# Prepare data

## :map: Overview

The objective of this step will be to create new BigQuery tables into which we will load and reorganize the contents of the tables created at the previous step. As in most cases, this will happen within one BigQuery dataset. For this, we will need:

* a JSON file to configure the data operation,
* a JSON file to trigger the workflow,
* a JSON file for each table creation,
* and a SQL file for each transfer of data into our new tables.

## :page\_facing\_up: Create your files

### **Create the JSON file that configures the data operation**

1. Access your **tailer-demo** folder.
2. Inside, create a folder named **3-Prepare-data** for this new step.
3. In this folder, create a JSON file named **000099-tailer-demo-prepare-data.json** for your data operation.
4. The data operation will load a temporary table, and then, if the query runs correctly, then we copy the temporary table into the target table.
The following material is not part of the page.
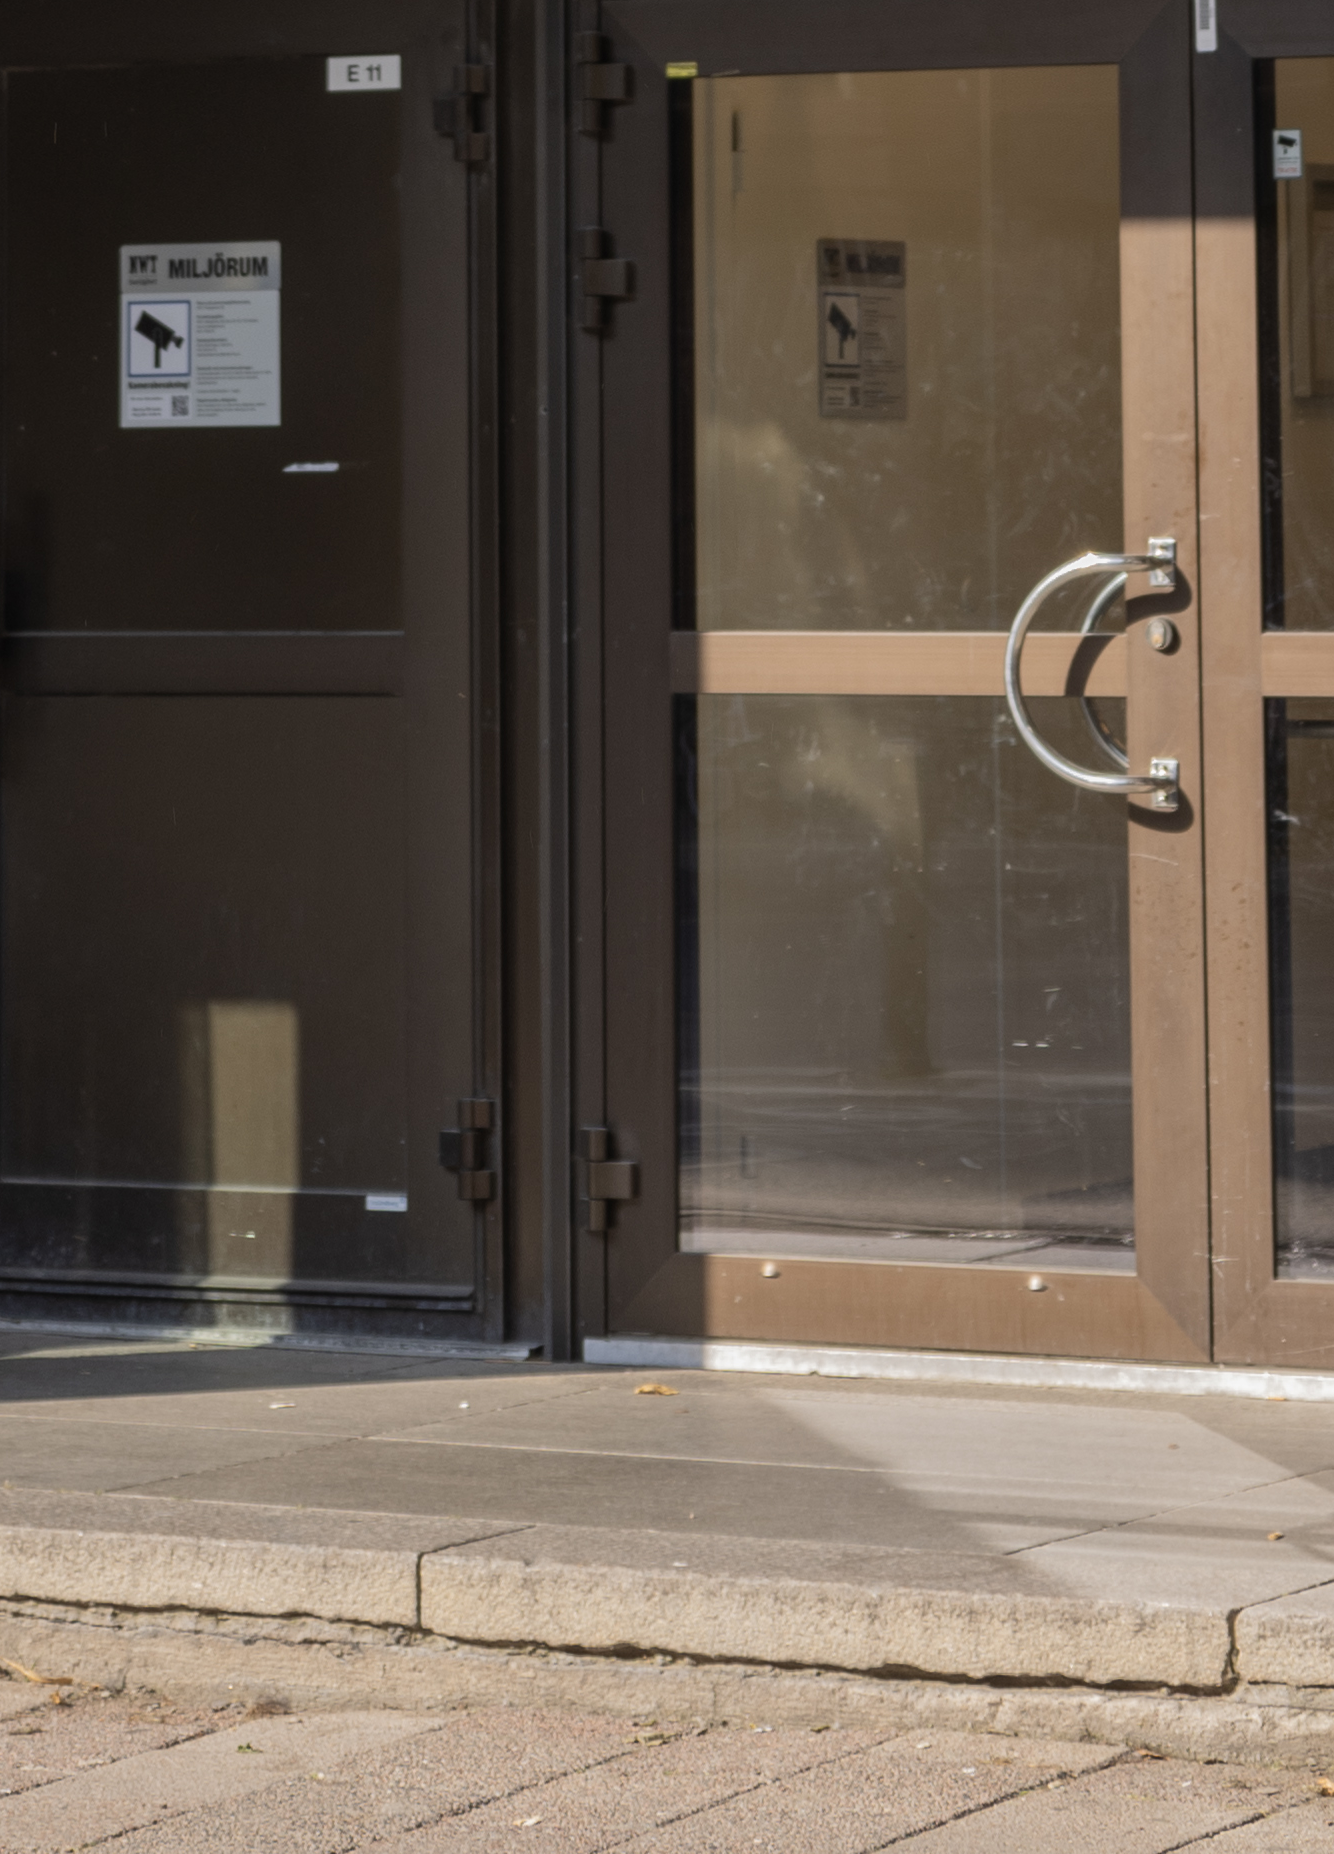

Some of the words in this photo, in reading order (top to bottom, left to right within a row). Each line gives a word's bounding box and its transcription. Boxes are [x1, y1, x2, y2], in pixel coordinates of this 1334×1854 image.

Copy the following contents into your file:

   ```json
   {
     "$schema": "http://jsonschema.tailer.ai/schema/table-to-table-veditor",
     "configuration_type": "table-to-table",
     "configuration_id": "000099-load_my_gbq_dataset_my_table",
     "short_description": "Prepare data for the Tailer demo",
     "account": "000099",
     "environment": "DEV",
     "activated": true,
     "archived": false,
     "start_date": "2023, 1, 23",
     "catchup": false,
     "schedule_interval": "None",
     "default_gcp_project_id": "my-gcp-project",
     "default_bq_dataset": "my_gbq_dataset",
     "default_write_disposition": "WRITE_TRUNCATE",
     "task_dependencies": [
       "load_temp_sales >> swap_sales_tables"
     ],
     "workflow": [
       {
         "task_type": "sql",
         "id": "load_temp_sales",
         "short_description": "Load temp sales table",
         "bq_dataset": "temp",
         "table_name": "sales",
         "sql_file": "load_sales.sql"
       },
       {
         "id": "swap_sales_tables",
         "task_type": "copy_gbq_table",
         "source_gcp_project_id": "my-gcp-project",
         "source_bq_dataset": "temp",
         "source_bq_table": "sales",
         "bq_dataset": "my-gcp-project",
         "destination_bq_table": "sales"
       }
     ]
   }
   ```
5. Edit the following values:\
   ◾ Replace **my-gcp-project** with the ID of the GCP project containing your BigQuery dataset in the default\_gcp\_project\_id and in the source\_gcp\_project\_id parameters.\
   ◾ Replace **my\_gbq\_dataset** with the name of your working dataset.\
   ◾ Also replace the project and dataset in the configuration\_id

### Create a SQL file

Create a SQL file in the same directory and name it load\_sales.sql. It must contain a query that will load the sales table.

### **Create the JSON file that triggers the workflow**

Inside the **3-Prepare-data** folder, create a file named **workflow\.json**.

Copy the following contents into your file:

```json
{
    "$schema": "http://jsonschema.tailer.ai/schema/workflow-veditor",
    "configuration_type": "workflow",
    "version":"2",
    "configuration_id": "000099-trigger_load_my_gbq_dataset_my_table_DEV",
    "short_description": "Launch the Tailer demo data load",
    "account": "000099",
    "environment": "PROD",
    "activated": true,
    "archived": false,
    "gcp_project_id": "my-project",
    "schedule_interval_reset": "None",
    "authorized_job_ids": [
      "storage-to-tables|000099|000099-tailer-demo-load-files-YOUR-NAME|DEV|sales_{{FD_BLOB_8}}-{{FD_DATE}}.csv"
    ],
    "target_dag": {
        "configuration_type":"table-to-table",
        "configuration_id":"000099-load_my_gbq_dataset_my_table_DEV"
    }
}
```

This worklfow will trigger our Table-to-Table that loads the sales table each time a sales file is ingested with our Storage-to-Table operation.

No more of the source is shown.